Why?  Because we are wired to feel and deal with things in different ways. We heal at different speeds.  The circumstances surrounding individual losses are different. Not all relationships are the same.  Loss does not come with a handbook.
  
Some relationships with a deceased loved one are more complicated than others, and no relationship is perfect.  Death is sometimes ruthless in its suddenness and always in its finality. It can leave us with no time on earth to take back unkind words or repair broken relationships. It is about lost chances to do things you intended to do or make up for. Some relationships cannot escape the bitterness that haunted them in life, even in death. Sometimes grieving includes forgiving past wrongs.  Sometimes the person we need to forgive is ourself.   
     
Some deaths are more complicated than others. Sometimes we are robbed of the gift of ever knowing our special person, as in the case of a parent or sibling who dies prior to a child’s birth, or a child who is miscarried or still born. Sometimes losses occur because of the actions of others, or because of the decision of the person themselves.
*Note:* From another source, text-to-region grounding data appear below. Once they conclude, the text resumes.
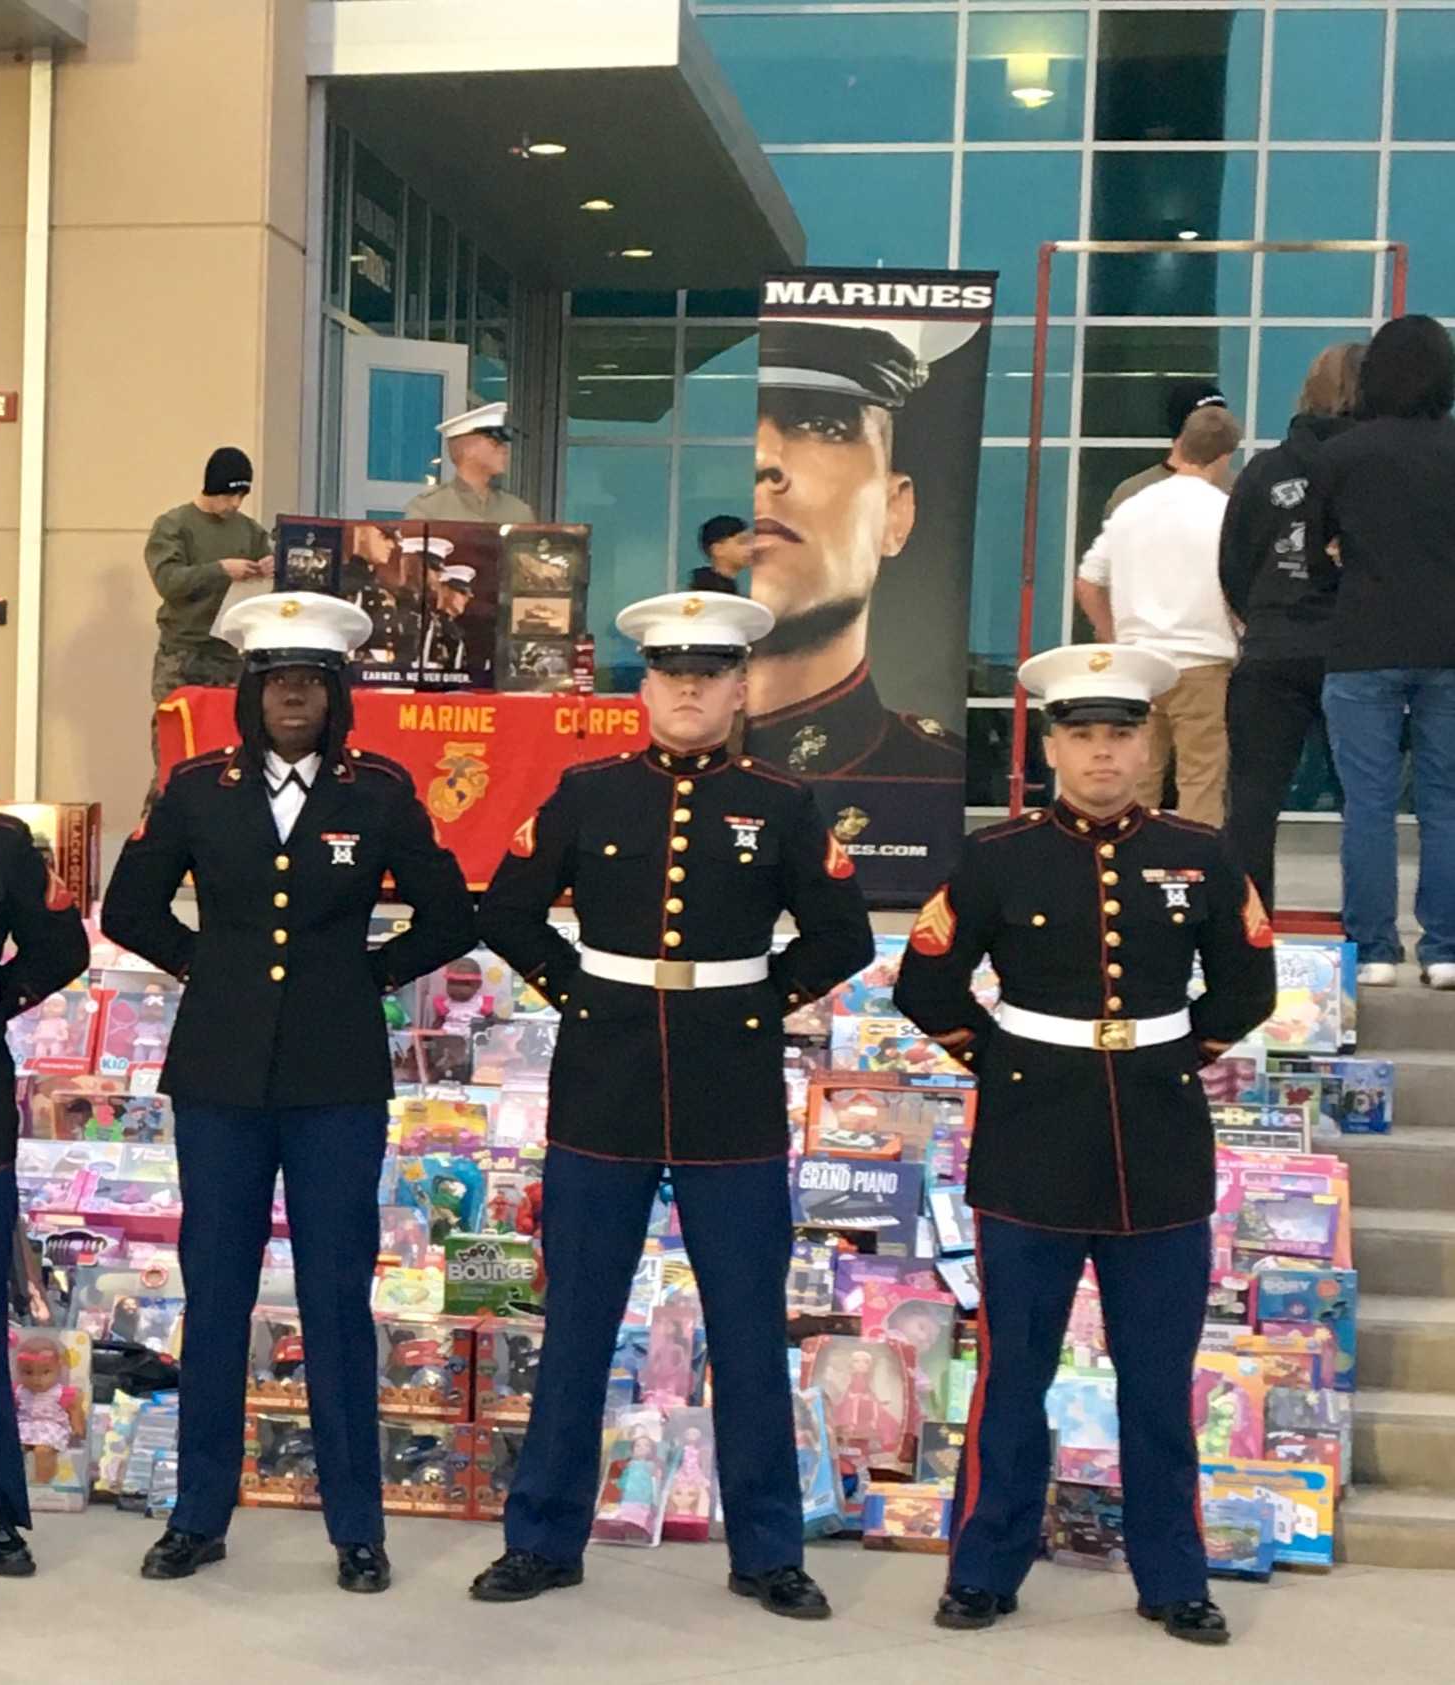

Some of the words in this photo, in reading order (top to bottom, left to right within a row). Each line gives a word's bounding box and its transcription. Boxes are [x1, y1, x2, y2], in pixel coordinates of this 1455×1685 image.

[764, 281, 993, 309] MARINES
[399, 703, 497, 733] MARINE
[844, 843, 928, 857] ES.COM
[101, 1056, 128, 1070] KID
[799, 1167, 851, 1192] GRAND
[853, 1171, 898, 1194] PIANO
[448, 1261, 536, 1280] BOUNCE
Sometimes we are torn apart by decisions we made at the time or the notion that we should have done more to prevent the death.  Grief entwined with anger, guilt or regret can be difficult to resolve.  It takes extraordinary support and sometimes professional help.
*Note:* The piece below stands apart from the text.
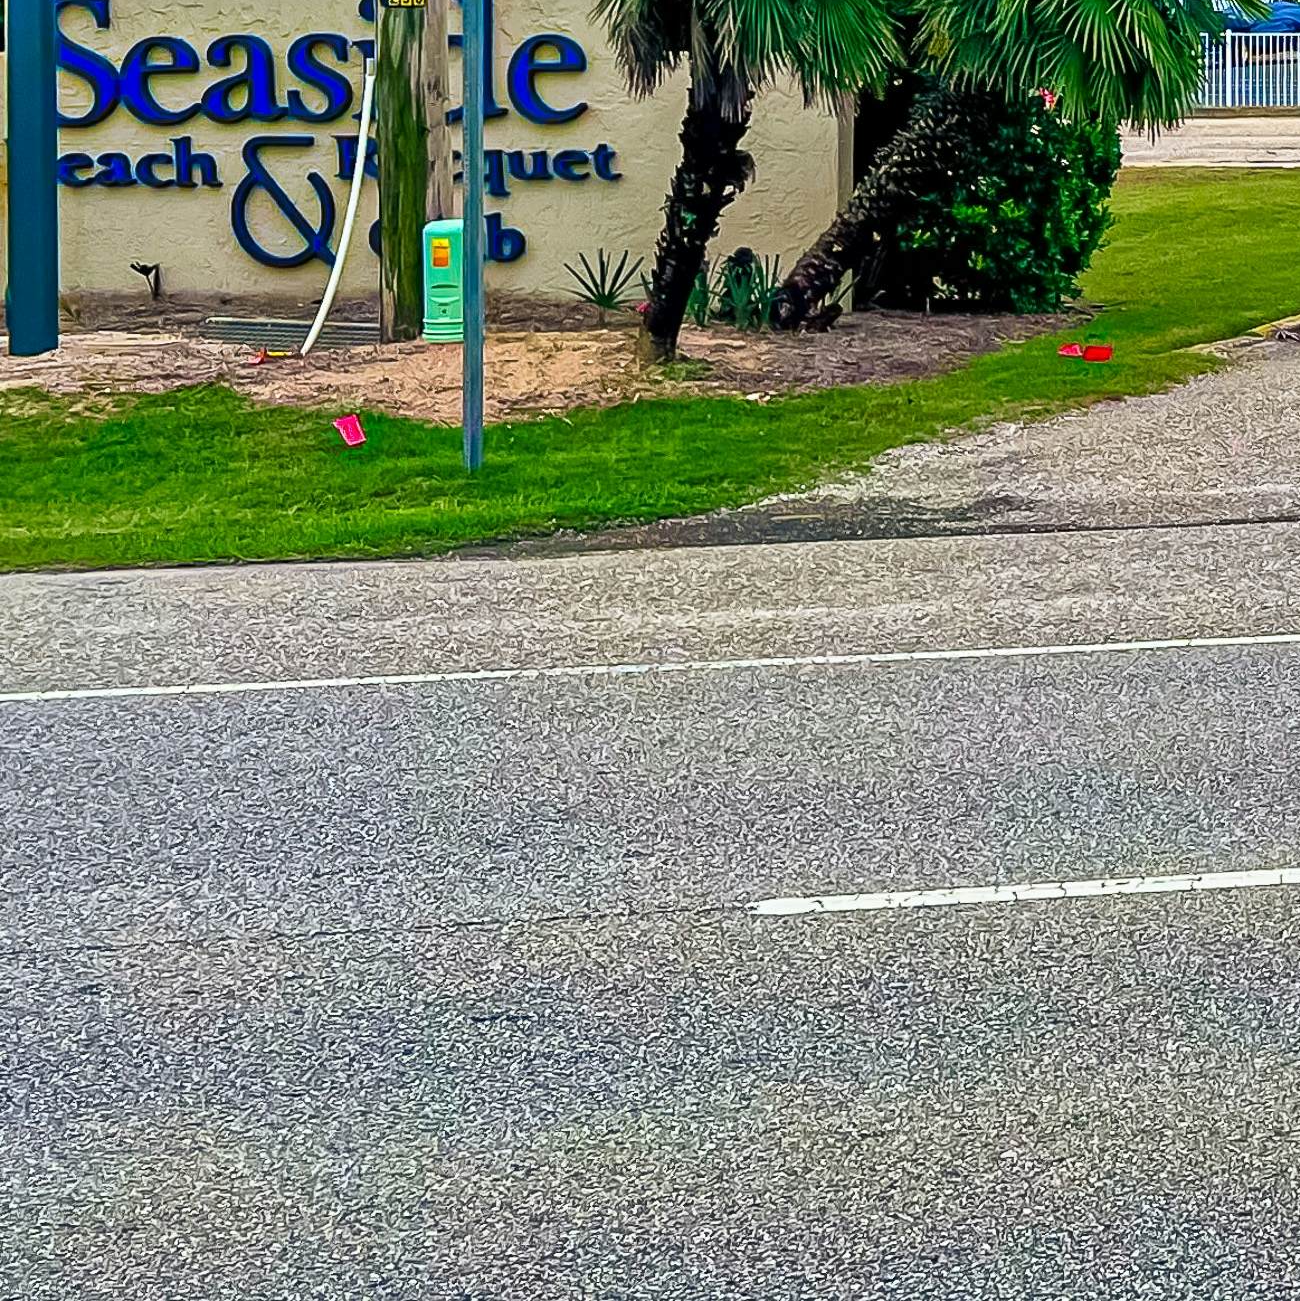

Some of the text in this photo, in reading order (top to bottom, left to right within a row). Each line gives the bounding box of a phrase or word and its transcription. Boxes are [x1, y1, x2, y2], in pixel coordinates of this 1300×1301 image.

[56, 136, 223, 188] each
[231, 134, 336, 268] &
[331, 134, 622, 198] Rquet
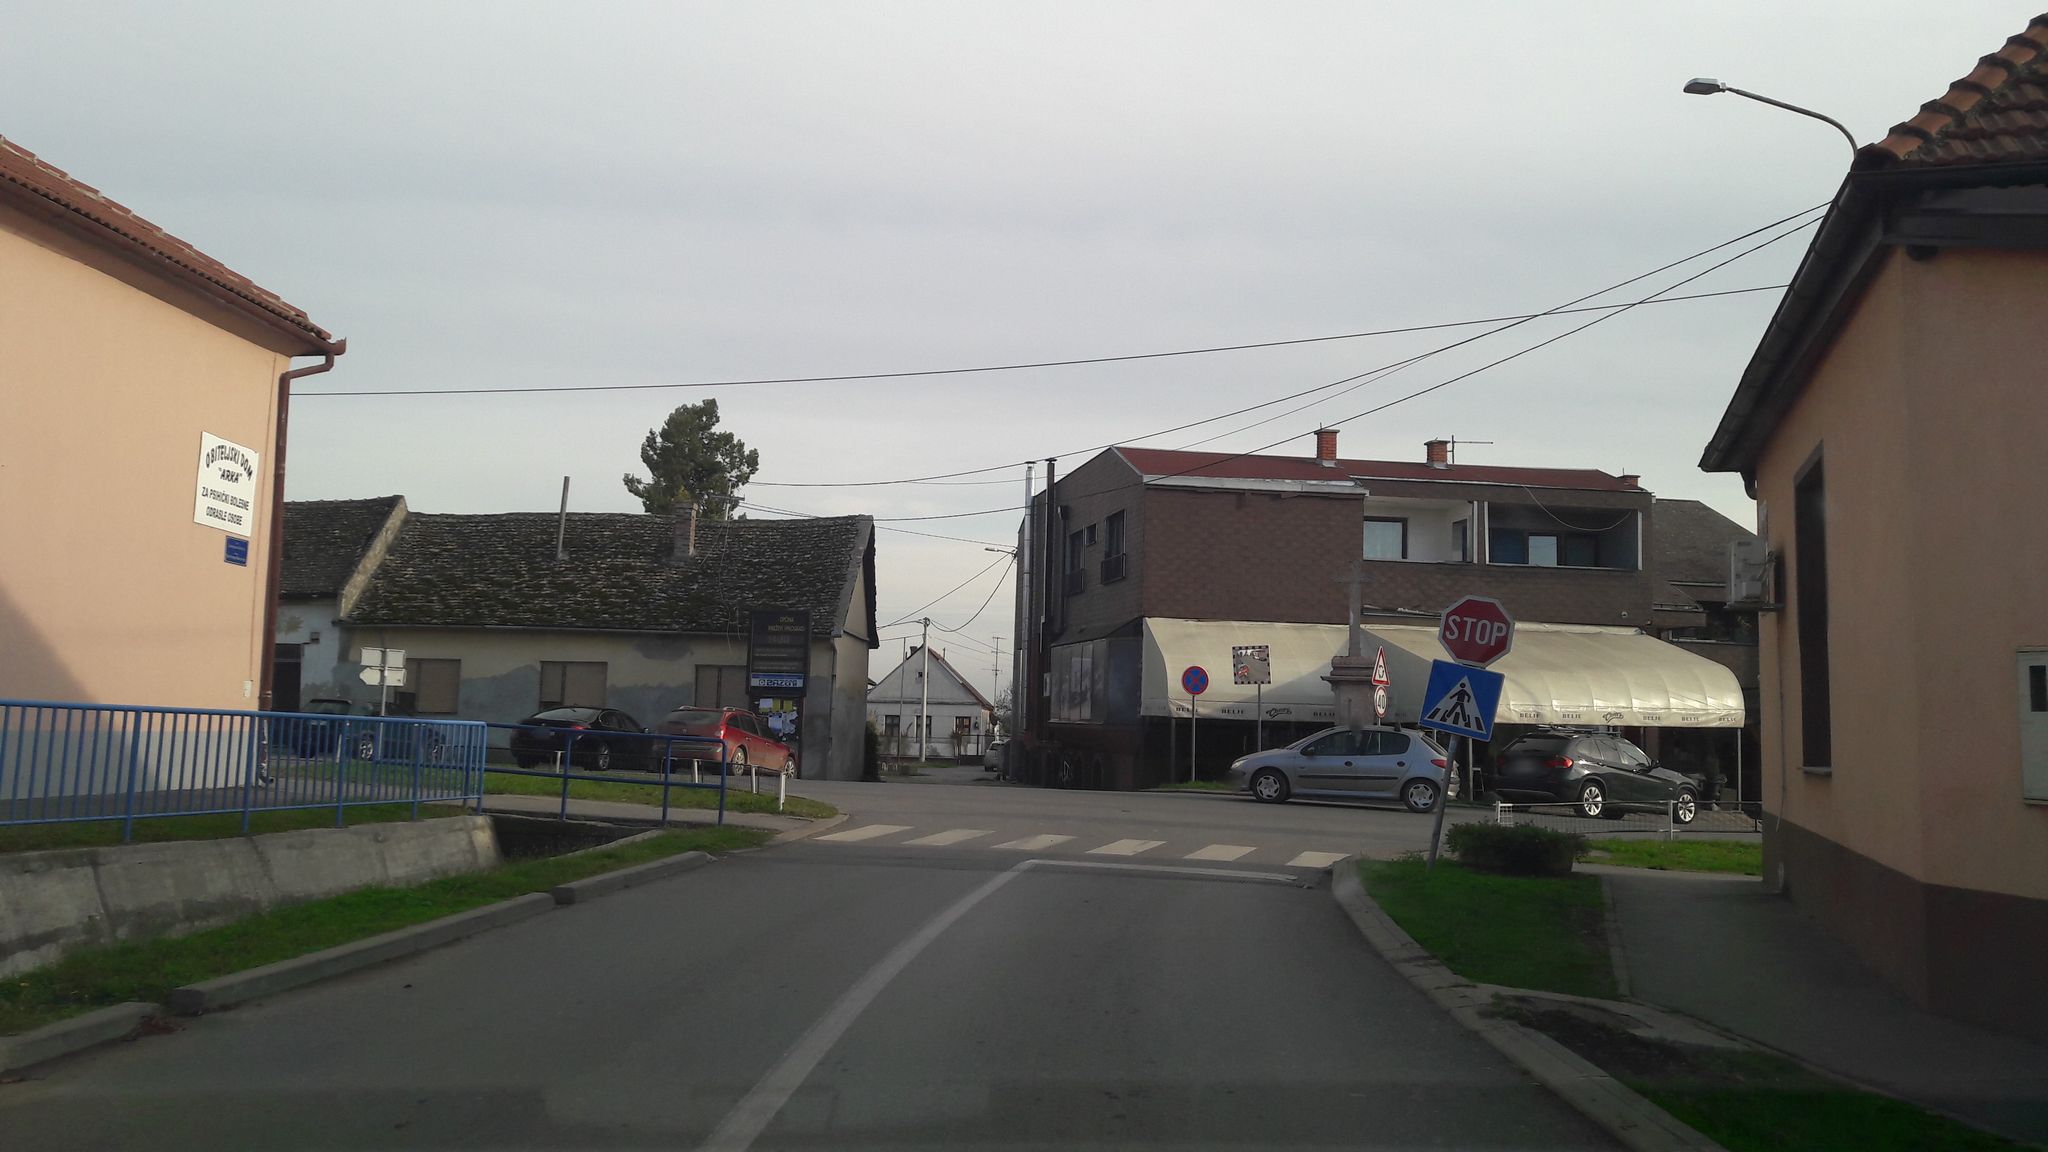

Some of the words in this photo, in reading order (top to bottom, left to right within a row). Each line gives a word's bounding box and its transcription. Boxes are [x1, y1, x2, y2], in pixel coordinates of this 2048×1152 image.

Some losses are beyond comprehension.  But there are heroes among us.  Ordinary individuals who somehow have the capacity to manage their own grief, while at the same time supporting the rest of us with a steady hand, a soothing tone and a reassuring but honest message.  We have only to look as far as the Humbolt Broncos to appreciate them.

So why does any of this matter?  

Because no matter how difficult or painful the circumstances, we should not avoid the hard work of grieving, even if it means getting professional help.  For as long as it takes.  

Because the healthy road for us to follow for our own well-being is to make peace with what we need to make peace with, and let go of what we need to let go of.  The Netflix series “This is us” captured this idea beautifully, comparing the things we are unable to let go of to taking a single breath we hold too long or in some cases forever.  

Because losses multiply over the years and pile one on the other.  They also take on different forms, like the loss of one’s physical or mental abilities, or the loss of one’s independence and home.  If we fail to make peace with each one as we move along life’s path, we place ourselves at risk of losing our joy, our enthusiasm and our desire to stay engaged in a positive way with the world.  In equal parts, grieving is both something completely outside of our control, and something we can develop skills to assign to its rightful place, so we are able to go on with our lives.

And then there are the children in our lives.  As adults we need to try hard to be the heroes in their lives.  Children deserve to learn from the experiences of those around them that it is natural and normal for people to have extreme and conflicting feelings and bewildering questions when someone they love dies.  They need to know that it is OK to cry and it is still OK to laugh in the midst of grief.  They need comfort and honesty and perspective.  They need to know that it is normal for grief to come and go, quietly or with a bang, sometimes many times.  They deserve to hear that information from someone who has worked their way through the messy experience that is grief and emerged, changed, but with a fuller understanding of the experience of loss.  

Why?  Because they need to recognize that sense of loss for what it is when it hits them in the middle of a movie or a classroom or a piano recital or a sporting event.  They need to soak up the pain and the confusion and the anger.  They need to give themselves up to it, honour it and the memory of the special person they have lost. They need to know and believe that they can have the strength to feel and remember and be OK. 

I believe we need to keep special places in our hearts for the special people we lose.  We need to spend time in those special places when that feeling comes.  

But we also need to remember and teach our children that the person who died is happy when we visit that special place, but they absolutely do not want us to permanently move in.